Un homme d’affaires à la retraite devenu dissident, Quang A, 71 ans, est parmi les activistes les plus prolifiques du Vietnam. En 2016, il a été finaliste pour le prix de la défense des droits de l’homme des Pays-Bas. Comme la chanteuse Mai Khoi, il a également tenté de se présenter au Parlement lors des élections de 2016. Bien qu’il accueille le soutien de l’étranger, Quang A a déclaré qu’il comprenait que l’environnement géopolitique, souvent complexe, ne favorisait pas forcément un soutien à grande échelle de sa cause.

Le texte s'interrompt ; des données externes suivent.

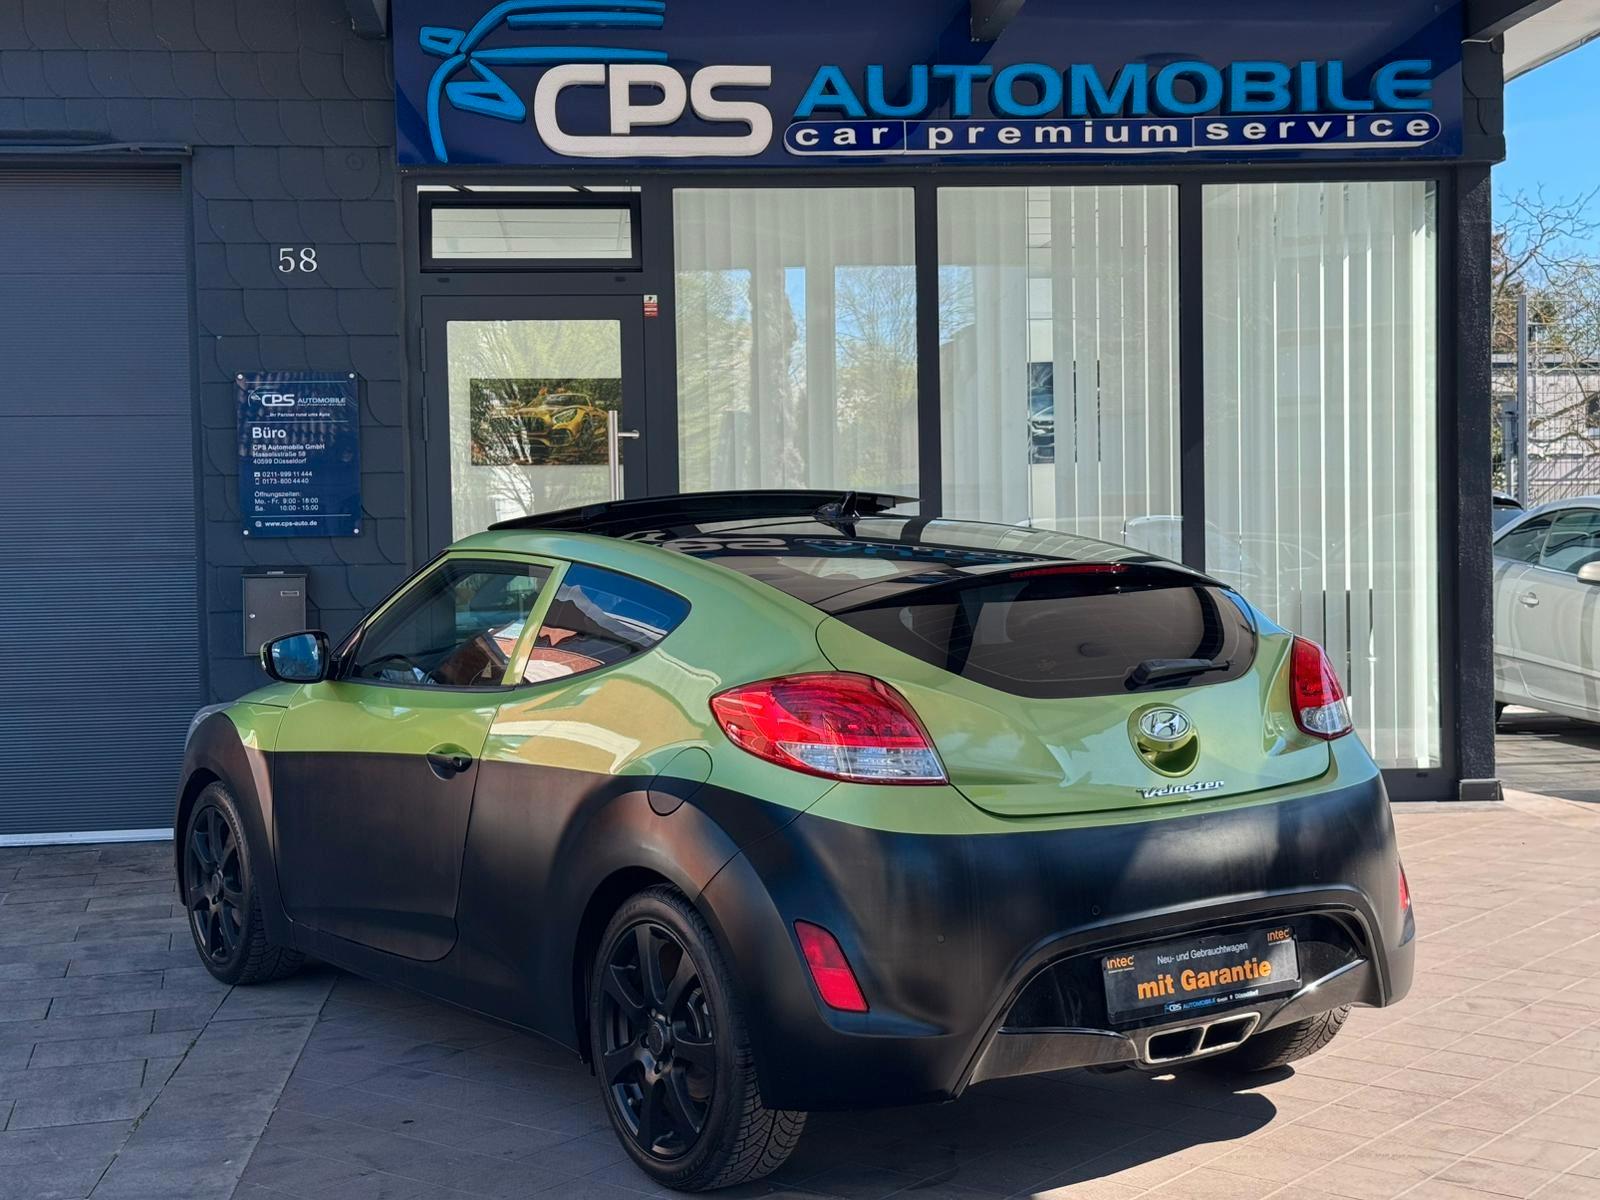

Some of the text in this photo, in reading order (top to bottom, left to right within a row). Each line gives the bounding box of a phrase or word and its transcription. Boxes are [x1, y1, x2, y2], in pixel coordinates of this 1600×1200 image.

"Cela dépend de l’humeur politique du grand gars là-bas", at-il dit, en riant en plaisantant à Trump.

Quang A a déclaré qu’il comprenait la position de Trump sur « l’Amérique d’abord ». "Vous pouvez voir un réseau à l’Ouest de tant d’intérêts, et ils doivent servir leurs intérêts d’abord, ce qui est compréhensible", a-t-il déclaré.

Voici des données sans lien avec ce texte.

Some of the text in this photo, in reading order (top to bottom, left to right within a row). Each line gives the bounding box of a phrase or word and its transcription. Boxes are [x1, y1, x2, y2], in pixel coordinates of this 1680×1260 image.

Yun Sun, associée senior du programme Asie de l’Est au centre de réflexion de Stimson Center à Washington D.C, a dit qu’il est inexact de dire que l’Amérique n’a exercé aucune pression. Dans une certaine mesure, a-t-elle dit.

"C’est un cas où les intérêts stratégiques du Vietnam et la sécurité nationale vis-à-vis de la Chine dans la mer de Chine méridionale entrent en conflit avec les intérêts politiques du Parti communiste du Vietnam (PCV) pour maintenir le gouvernement autoritaire d’un parti dans le pays" dit-elle.

Le Vietnam a accordé des concessions de droits de l’homme ces dernières années. Les droits LGBT sont de plus en plus reconnus par l’État, et une loi de 2016 a affirmé la liberté de religion. Le gouvernement a même accepté des syndicats indépendants lorsqu’il a signé l’accord commercial du Partenariat Trans pacifique, bien que le rejet du traité par l’administration Trump rend les réformes improbables dans un avenir proche.

Tuan, l’organisateur de la société civile, a déclaré que l’avenir de l’activisme vietnamien viendrait de l’intérieur.

"Je sais que [les gouvernements étrangers] tentent d’exercer la pression sur le gouvernement vietnamien, mais il n’est pas facile de traiter avec les membres du gouvernement vietnamiens car ils savent comment traiter avec les acteurs internationaux", a-t-il déclaré.

Mais toute aide logistique ou technique pour les organisateurs de la société civile, a-t-il dit, serait très appréciée.

"Ils devraient se concentrer sur la pression à l’échelle locale, les mouvements de base des sociétés civiles. A première vue, ils ne peuvent pas fournir de soutien directement, mais ils peuvent fournir plus de formation, plus d’événements, de séminaires et d’ateliers pour rendre le Vietnam plus international ", a-t-il déclaré.

Les représentants du gouvernement vietnamien n’ont pas fait de commentaires pour la publication. Bennett Murray est le chef du bureau de Hanoï de Deutsche Presse-Agentur.